American merchant and politician (1840-1895)

Robert Harrison Allen (February 24, 1840 – November 9, 1895) was an American merchant, planter, and Democratic politician. He represented Itawamba and Lee Counties in the Mississippi State Senate from 1872 to 1880.

== Biography ==
Robert Harrison Allen was born on February 24, 1840, in Mississippi. He was the son of David M. Allen and Sallie A. (Spencer) Allen. His brother was U.S. Congressman from Mississippi, John M. Allen. During the American Civil War, Allen served as a Lieutenant in the 19th Mississippi Infantry.

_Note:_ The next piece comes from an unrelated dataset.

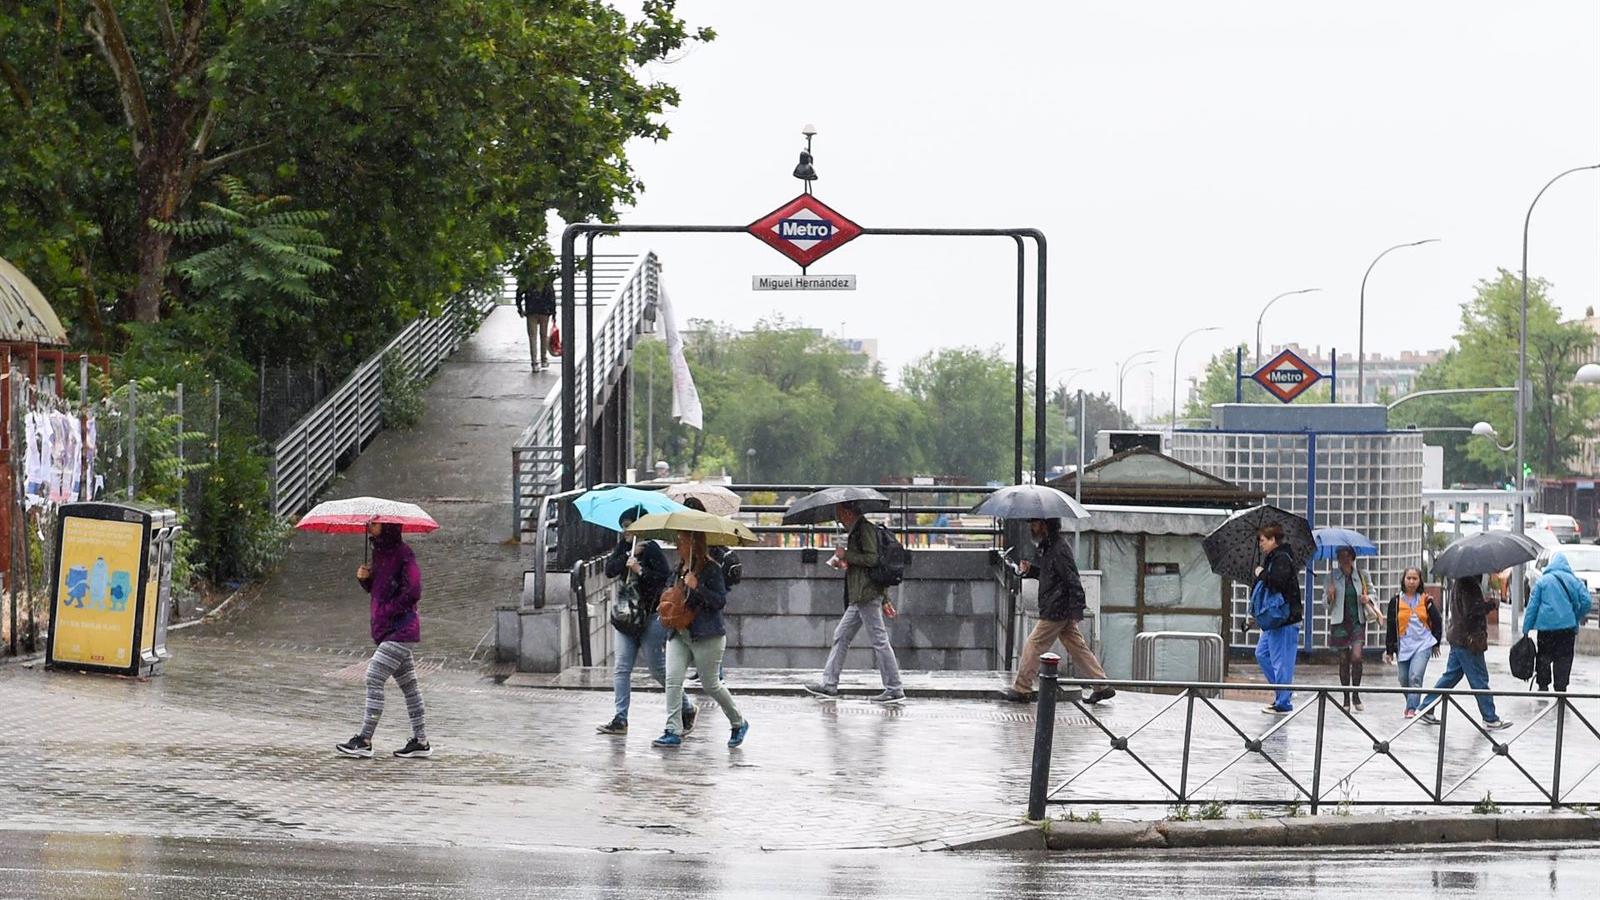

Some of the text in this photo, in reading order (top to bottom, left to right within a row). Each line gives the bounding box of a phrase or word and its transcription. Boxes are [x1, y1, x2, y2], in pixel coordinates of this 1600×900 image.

[782, 222, 829, 236] Metro
[759, 278, 849, 290] Miguel Hernández
[1271, 371, 1302, 382] Metro
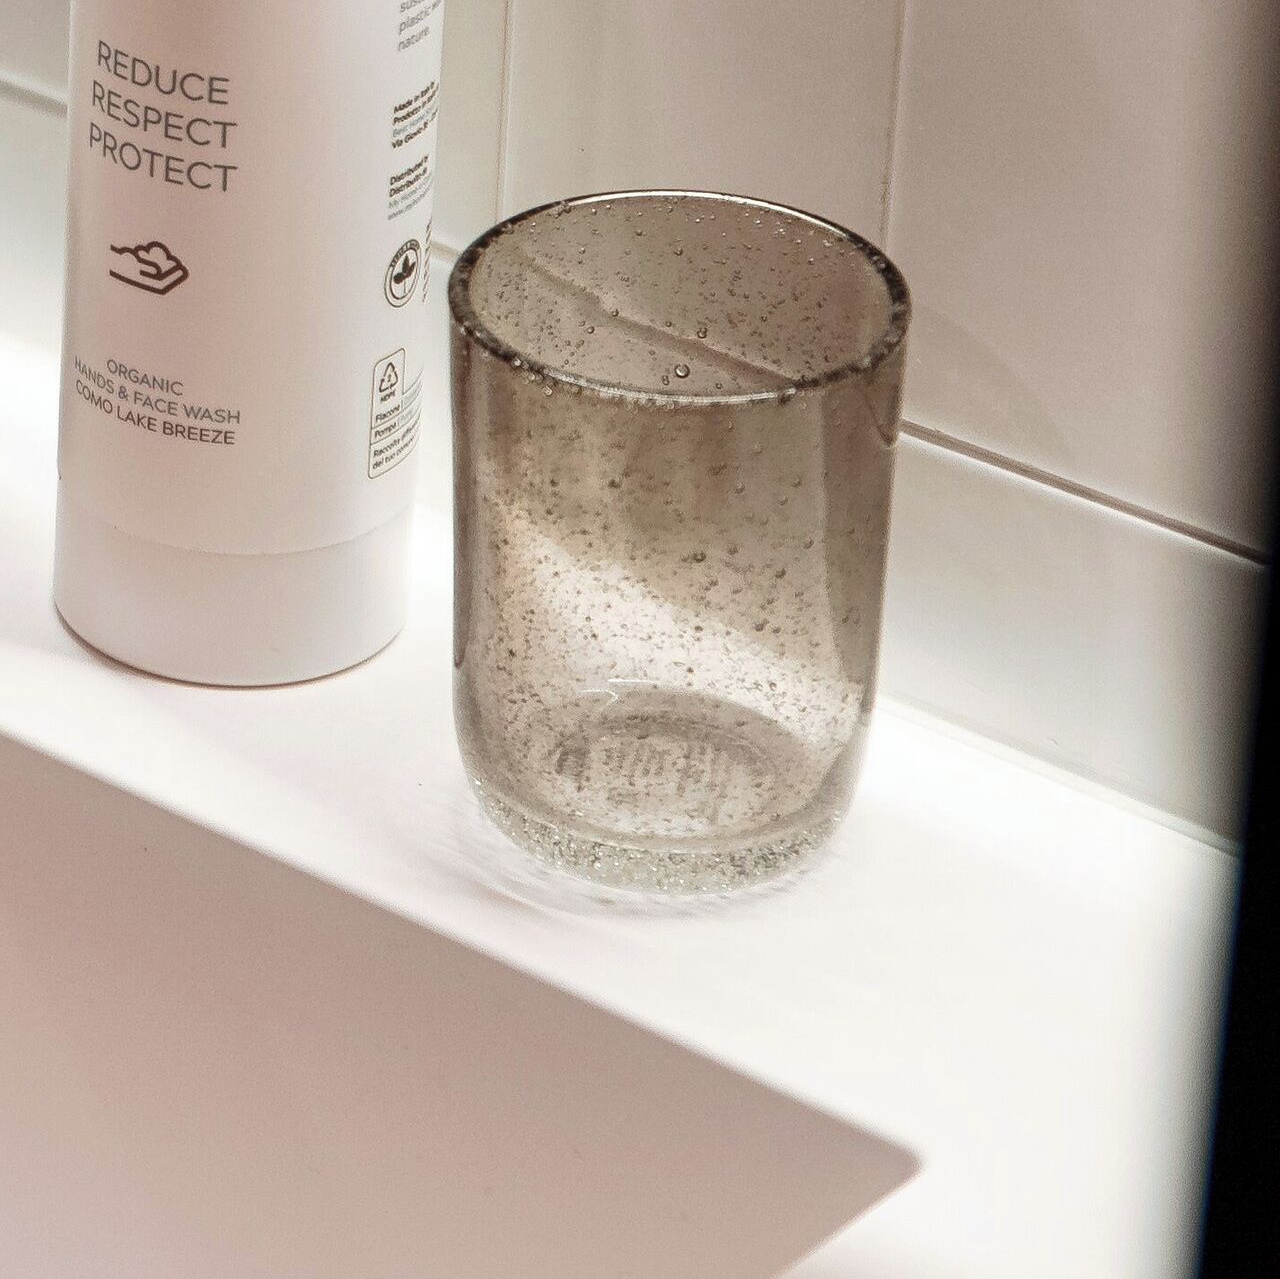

He was a merchant and planter who lived in Baldwyn, Mississippi. In 1871, Allen was elected to represent the 21st District (Itawamba and Lee Counties) as a Democrat in the Mississippi State Senate. Allen continued serving through the 1878 session. Allen was the appointed by President Grover Cleveland to be a Receiver of Public Monies in the Oklahoma Territory. Allen died in Alva, Oklahoma Territory on November 9, 1895.